Она и представить себе не могла, что так привязана к мужу. До сих пор их совместная жизнь представлялась ей листом белой бумаги, на котором можно написать что угодно. И вдруг выяснилось, что он заполнен почти до половины и ни одну из букв нельзя ни зачеркнуть, ни изменить.
Неделю за неделей, месяц за месяцем Шейна жила по привычке, работала, готовила для себя нехитрую еду, ходила в синагогу, молилась. Она сильно похудела, не от болезни или горя, просто аппетит куда-то пропал. Часто за весь день она съедала пару ломтиков черного хлеба, запивая вчерашним чаем.
Приготовленную еду часто приходилось выбрасывать. Был бы кот, она кормила бы его от пуза, но Вацек так и не появился. Зато вместо Вацека в ее жизни возник Мрари.
Первые месяцы после гибели «Гока» он навещал ее раз в неделю. Приносил какие-нибудь сласти, восточные лакомства. Поначалу Шейна не пускала его в дом и они разговаривали через порог, но потом он объяснил, что закон разрешает женщине оставаться наедине с мужчиной, если дверь держать полуоткрытой. Так они и стали поступать, сидели возле стола, пили чай, ели принесенные Мрари сласти и разговаривали.
Темой разговоров всегда был Айзик. Мрари в сотый раз пересказывал подробности их короткого знакомства, но Шейна не уставала слушать и каждый раз просила повторить все сначала. Между ними постепенно установились дружеские, доверительные отношения. Настолько дружеские, что однажды в завершение беседы Мрари предложил ей денег.

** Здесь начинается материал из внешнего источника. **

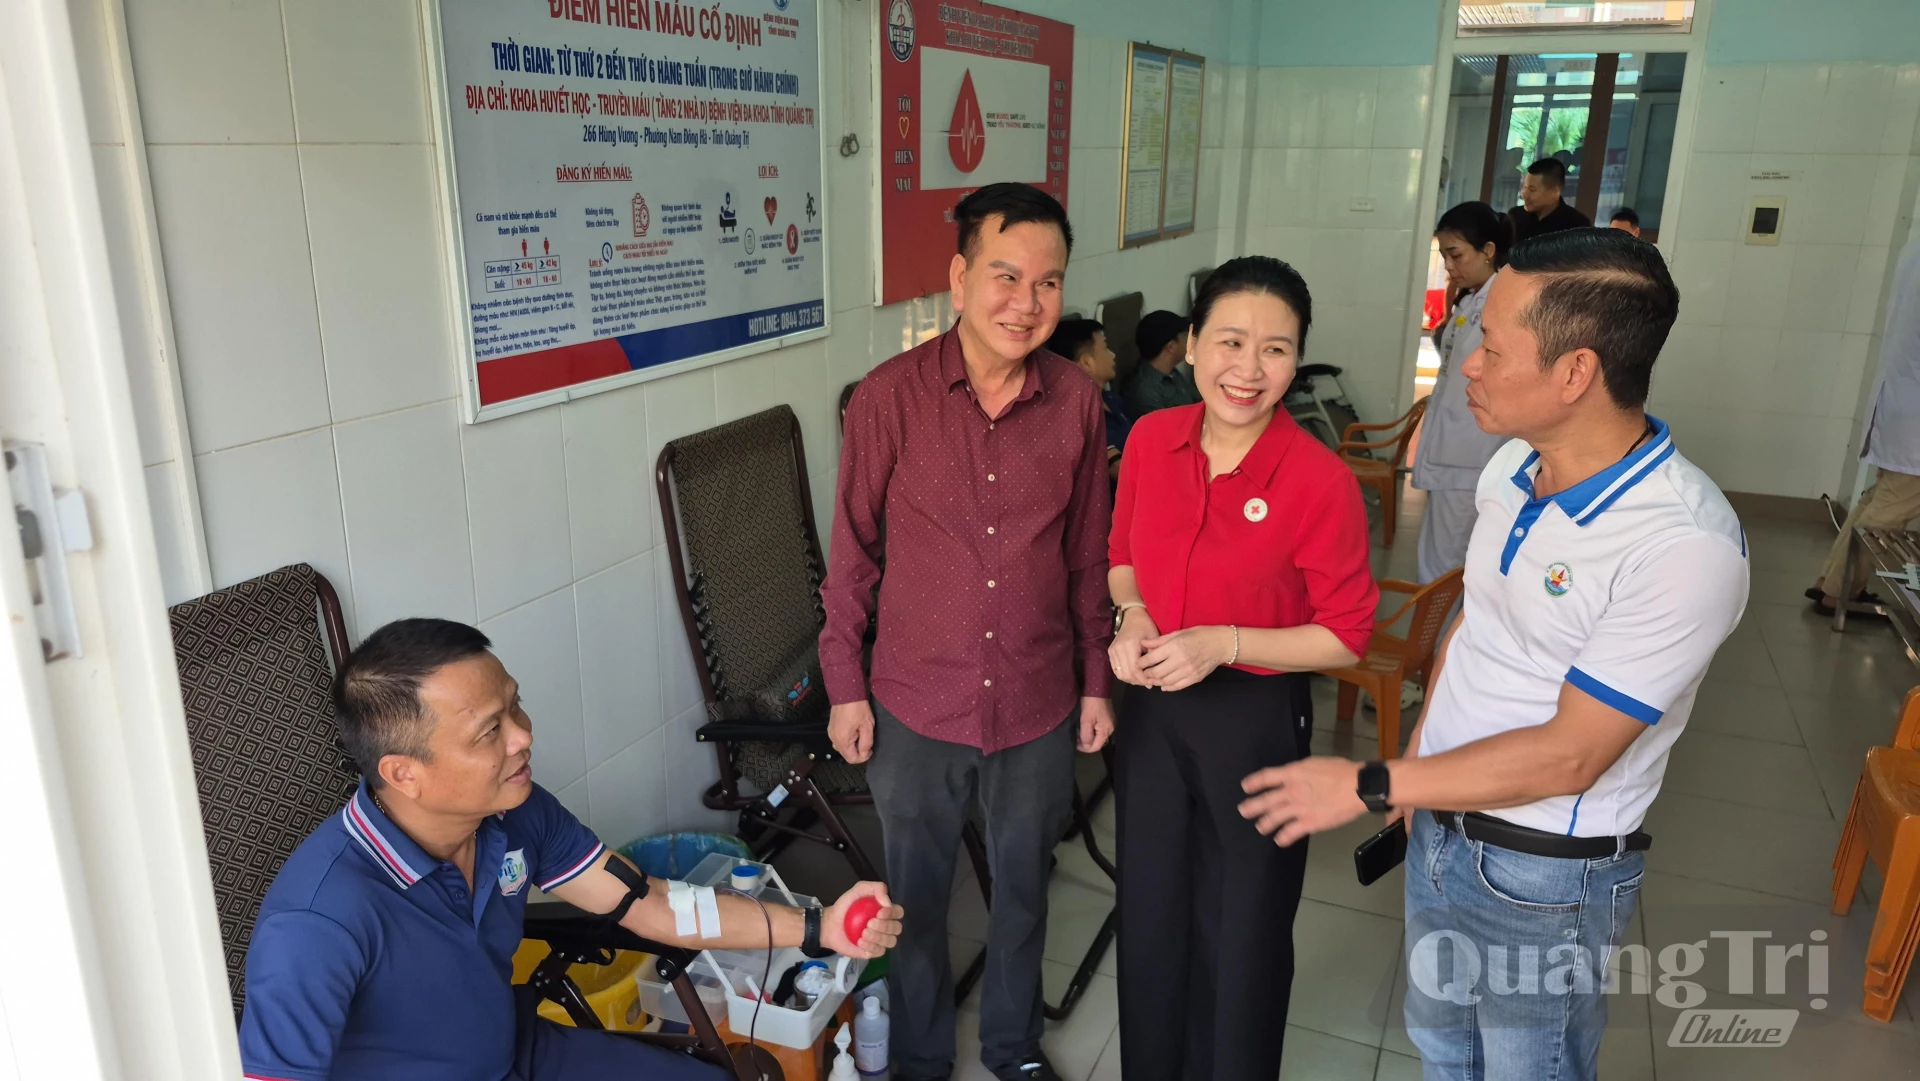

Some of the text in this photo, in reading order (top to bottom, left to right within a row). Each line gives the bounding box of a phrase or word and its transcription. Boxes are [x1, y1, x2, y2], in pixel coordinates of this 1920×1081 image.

[655, 0, 695, 37] MÁU
[700, 2, 721, 41] CỐ
[725, 13, 761, 51] ĐỊNH
[492, 37, 520, 72] THỜI
[523, 45, 555, 75] GIAN:
[557, 44, 571, 76] TỪ
[573, 47, 594, 78] THỨ
[597, 53, 604, 79] 2
[606, 47, 626, 80] ĐẾN
[628, 53, 647, 82] THỨ
[649, 59, 655, 83] 6
[657, 55, 682, 85] HÀNG
[709, 65, 738, 90] (TRONG
[740, 64, 752, 91] GIỜ
[754, 66, 774, 93] HÀNH
[776, 70, 799, 97] CHÍNH)
[466, 85, 486, 114] ĐỊA
[488, 80, 508, 110] CHỈ:
[510, 88, 538, 112] KHOA
[540, 85, 569, 113] HUYẾT
[572, 92, 590, 119] HỌC
[598, 89, 630, 116] TRUYỀN
[632, 92, 650, 117] MÁU
[678, 99, 682, 118] 2
[684, 96, 699, 120] NHÀ
[709, 97, 726, 124] BỆNH
[728, 99, 742, 125] VIỆN
[744, 103, 753, 122] ĐA
[754, 104, 770, 123] KHOA
[771, 101, 785, 123] TỈNH
[786, 102, 804, 126] QUẢNG
[805, 107, 814, 128] TRỊ
[897, 94, 912, 112] TÔI
[583, 124, 597, 142] 266
[599, 125, 616, 147] Hùng
[618, 126, 638, 148] Vương
[644, 127, 667, 148] Phường
[669, 128, 682, 143] Nam
[684, 128, 698, 148] Đông
[700, 129, 707, 144] Hà
[712, 129, 723, 144] Tỉnh
[725, 130, 741, 149] Quảng
[895, 147, 914, 164] HIẾN
[556, 161, 632, 180] ĐĂNG KÝ HIẾN MÁU:
[896, 174, 913, 191] MÁU
[749, 306, 822, 337] HOTLINE: 0844 373 567

– Я вижу, ты тяжело и много работаешь. Для чего? Я с радостью оплачу все твои расходы, а когда вернется Айзик, вернешь мне долг.
– Зачем? – удивились Шейна. – Мне хватает на жизнь и еще остается. Ем я очень мало, одежду не покупаю, детей, увы, нет. На что тратить деньги?
Прошли, промелькнули, нудно протянулись полгода. И с каждым месяцем надежда на возвращение Айзика таяла, как утренний туман под лучами восходящего солнца. О судьбе «Гока» новостей не было. Судно исчезло вместе со всей командой, грузом и пассажирами. Шейна сходила еще раз к ребе Алтеру, но тот лишь сокрушенно поднял брови.
– Я ведь тебе уже все объяснил, дочка, и ничего нового добавить не могу.
Несчастье случилось в один из зимних штормов. Волны просто взбесились, и многие фелюки, стоявшие в гавани под защитой пирса, разбило о сваи. В том числе и фелюку Айзика.
Несколько дней Шейна соображала, как быть. На покупку новой фелюки денег пока не хватало, хотя можно было одолжить и потихоньку отдавать. Но в любом случае заниматься всем этим надо было не раньше весны, после Пейсаха, когда стихнут злобные зимние ветры и море успокоится. А пока… пока ей пришлось снова взяться за стирку.
Зимние субботы заканчиваются рано. Шейна послушала авдалу в синагоге, произнесла положенные слова отделения святого дня от будней и отправилась домой.